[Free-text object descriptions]
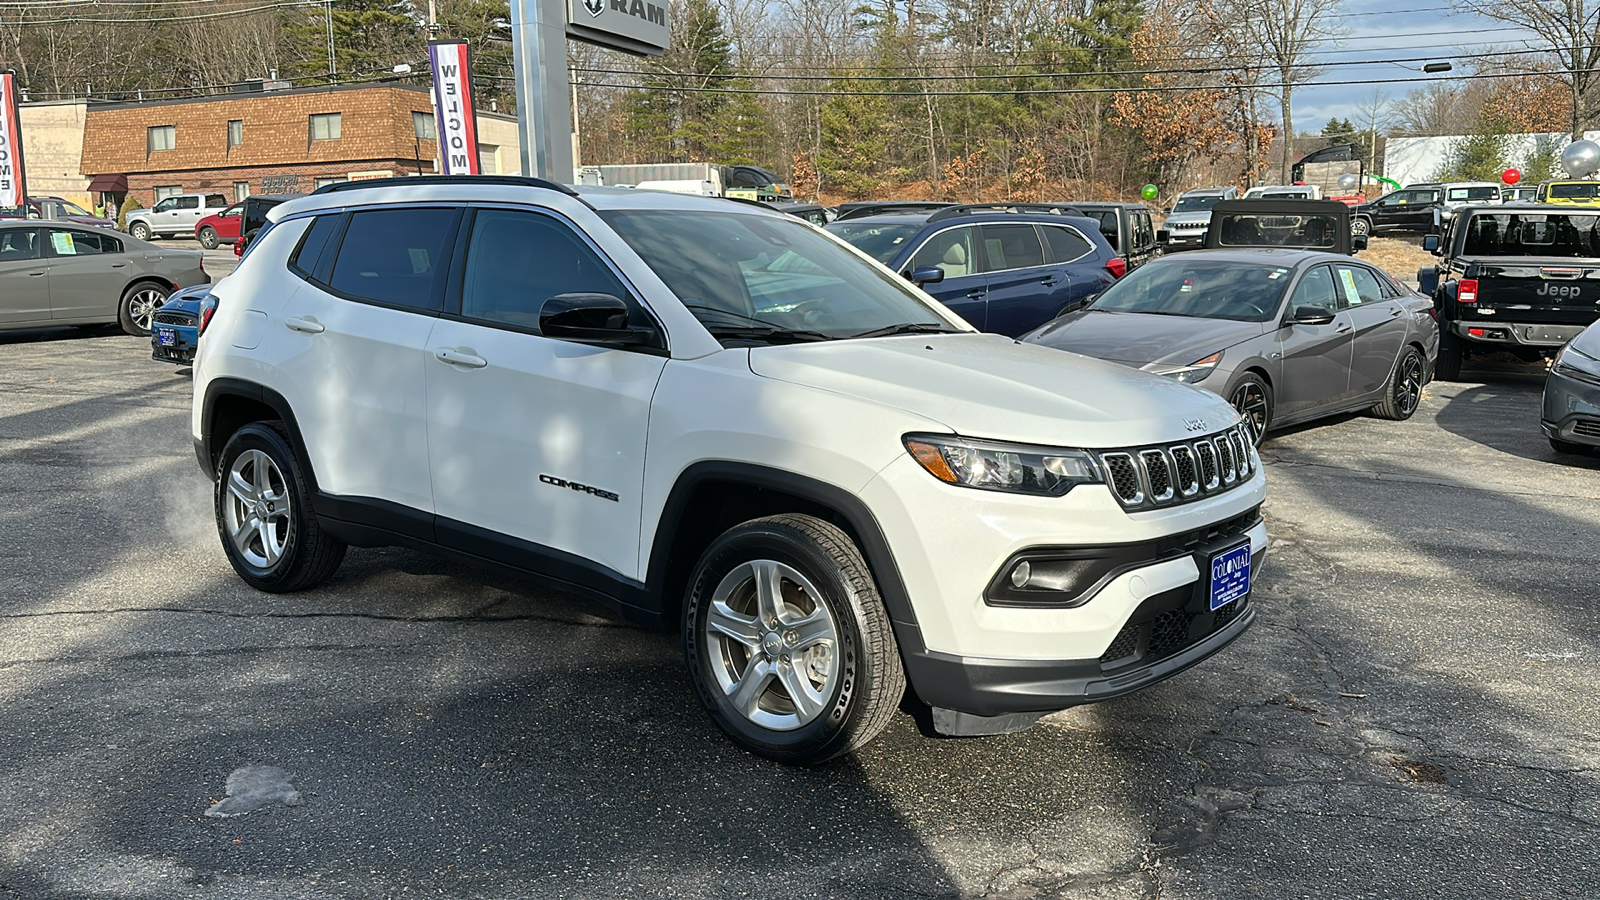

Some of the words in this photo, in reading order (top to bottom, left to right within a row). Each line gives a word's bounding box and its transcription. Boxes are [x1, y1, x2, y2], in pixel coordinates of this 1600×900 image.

[610, 0, 665, 26] RAM
[1536, 282, 1581, 298] Jeep
[539, 474, 619, 502] COMPASS
[1212, 552, 1250, 581] COLONIAL
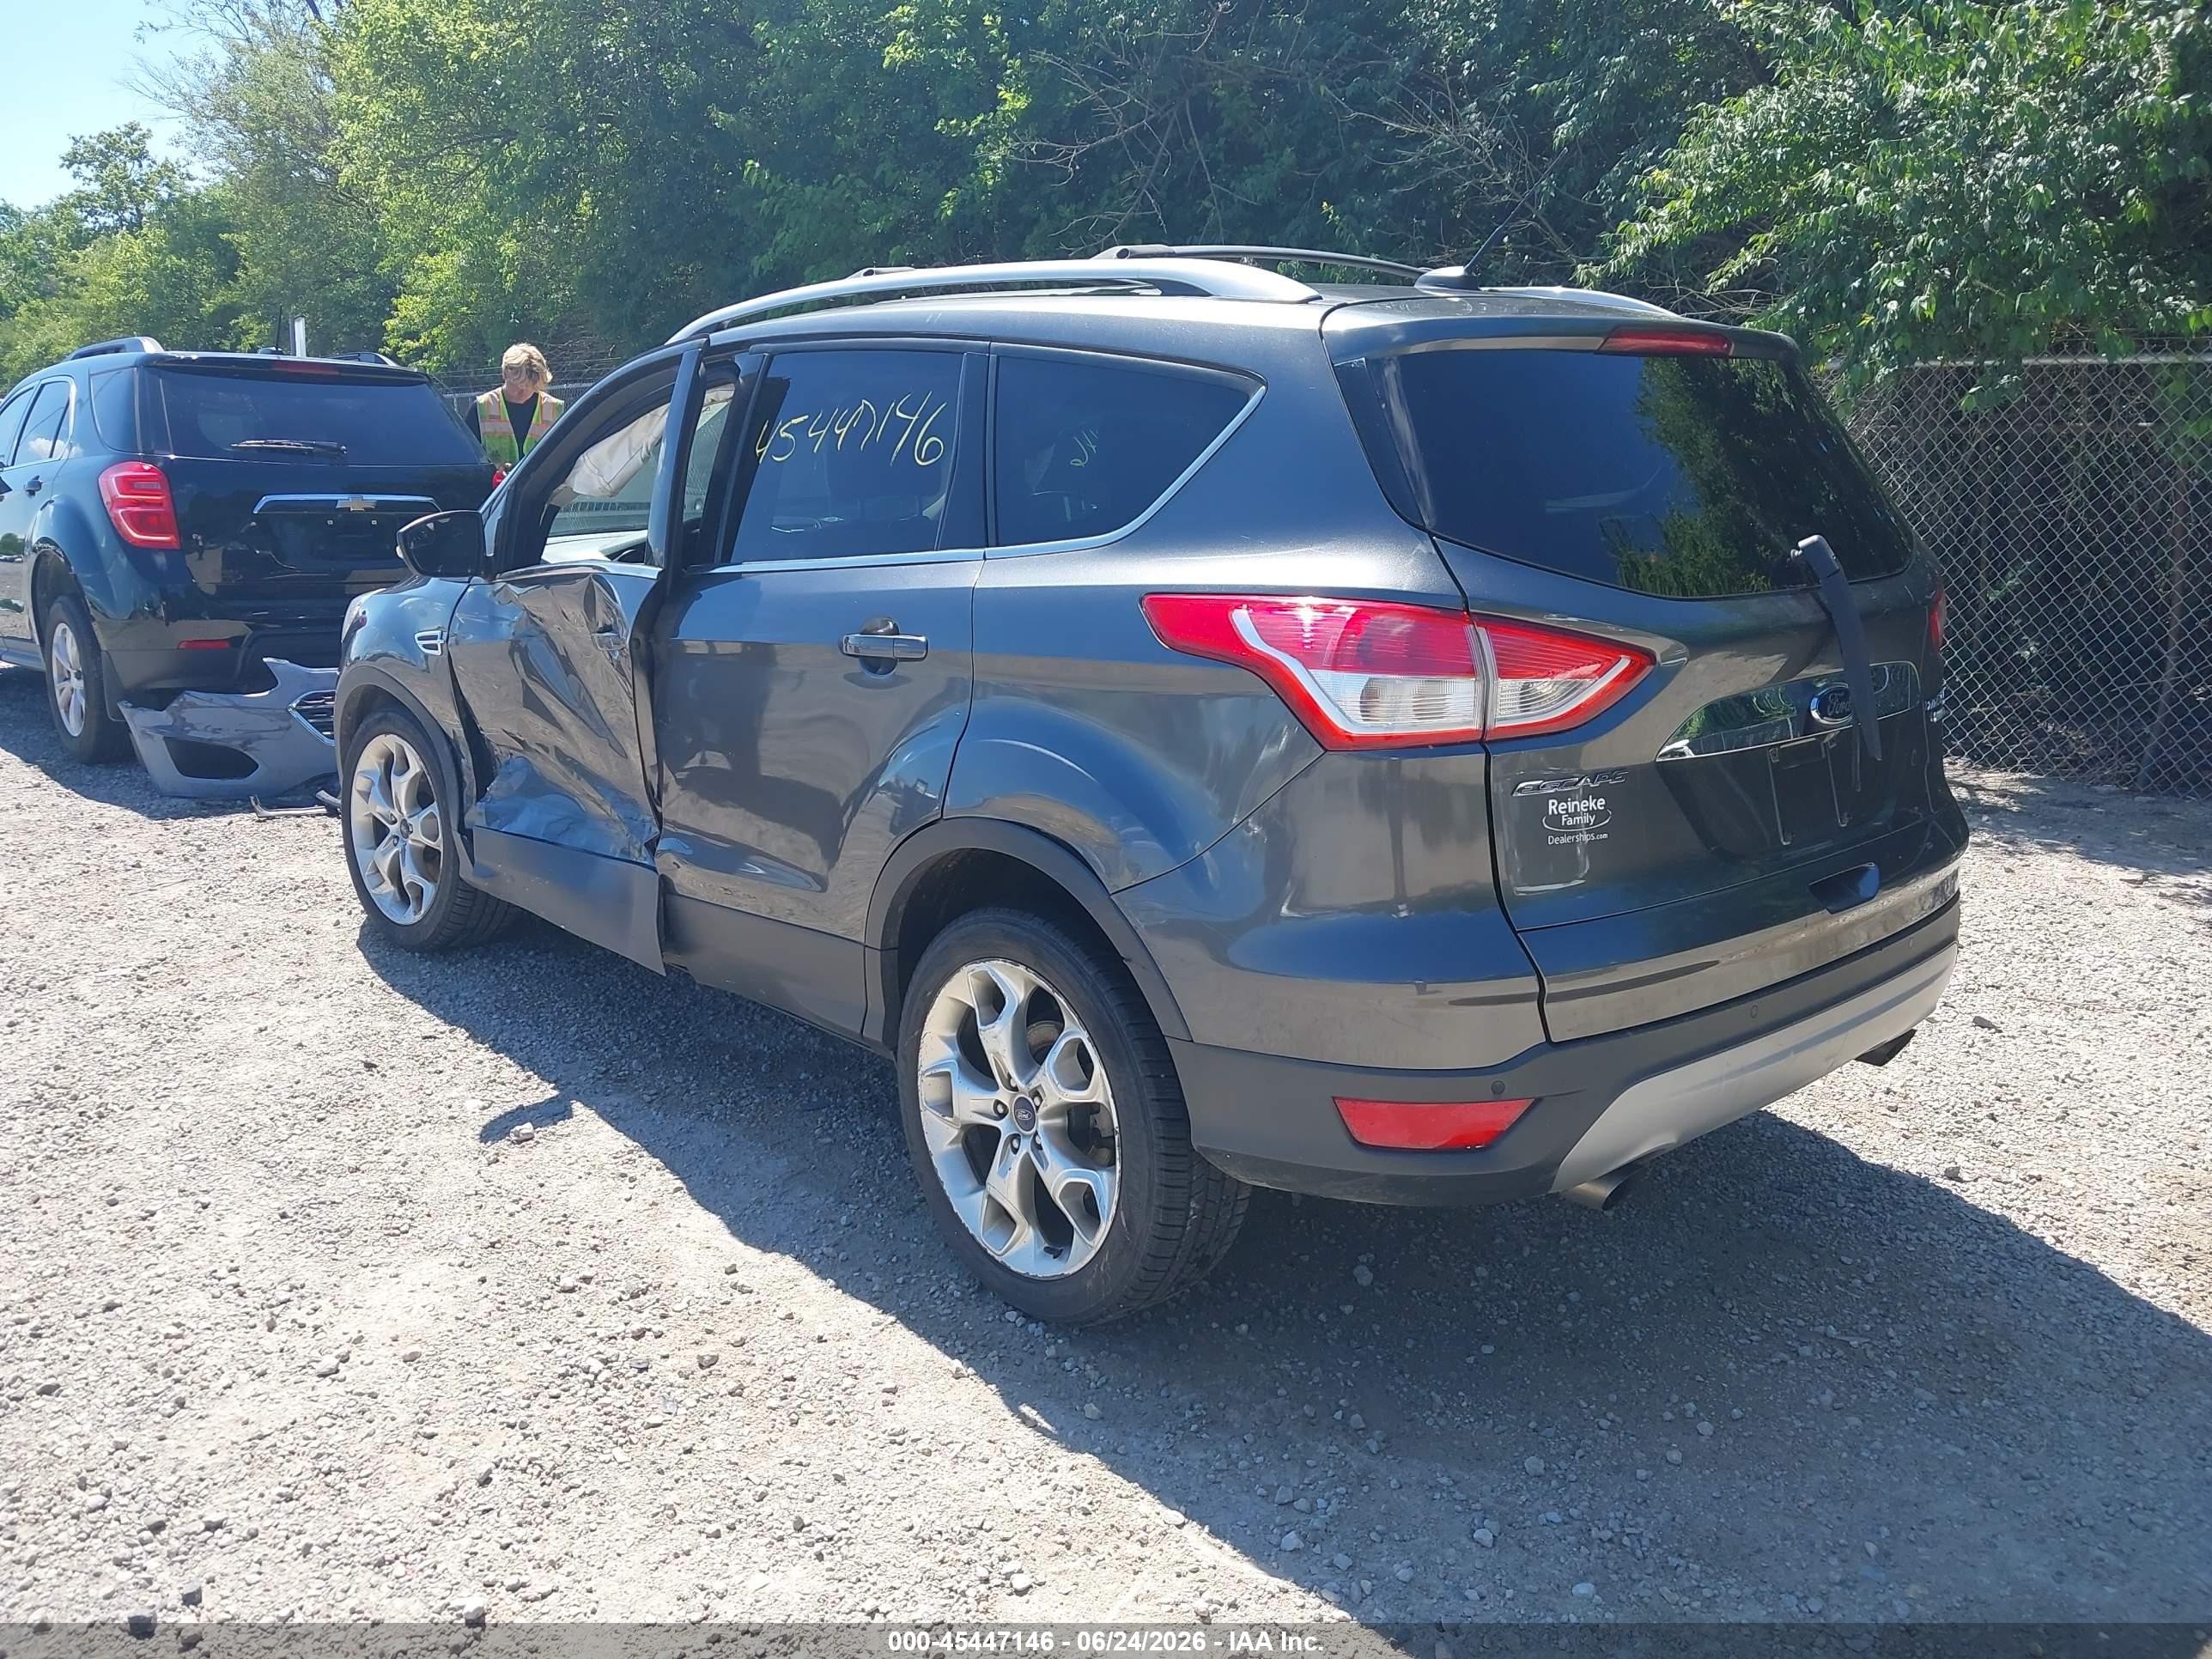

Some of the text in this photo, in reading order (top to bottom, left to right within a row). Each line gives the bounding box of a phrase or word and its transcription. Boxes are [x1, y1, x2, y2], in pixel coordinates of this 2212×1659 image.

[1512, 770, 1629, 797] ESCAPE
[1548, 795, 1607, 816] Reineke
[1561, 812, 1596, 827] Family
[1547, 831, 1609, 846] Dealerships.com

- TASK STATEMENT:
Output the line containing "Some of the text" together with all later lines of the entries, exactly as written, through the final line.

- TASK ANSWER:
Some of the text in this photo, in reading order (top to bottom, left to right within a row). Each line gives the bounding box of a phrase or word and its transcription. Boxes are [x1, y1, x2, y2], in pixel coordinates of this 2212×1659 image.

[1512, 770, 1629, 797] ESCAPE
[1548, 795, 1607, 816] Reineke
[1561, 812, 1596, 827] Family
[1547, 831, 1609, 846] Dealerships.com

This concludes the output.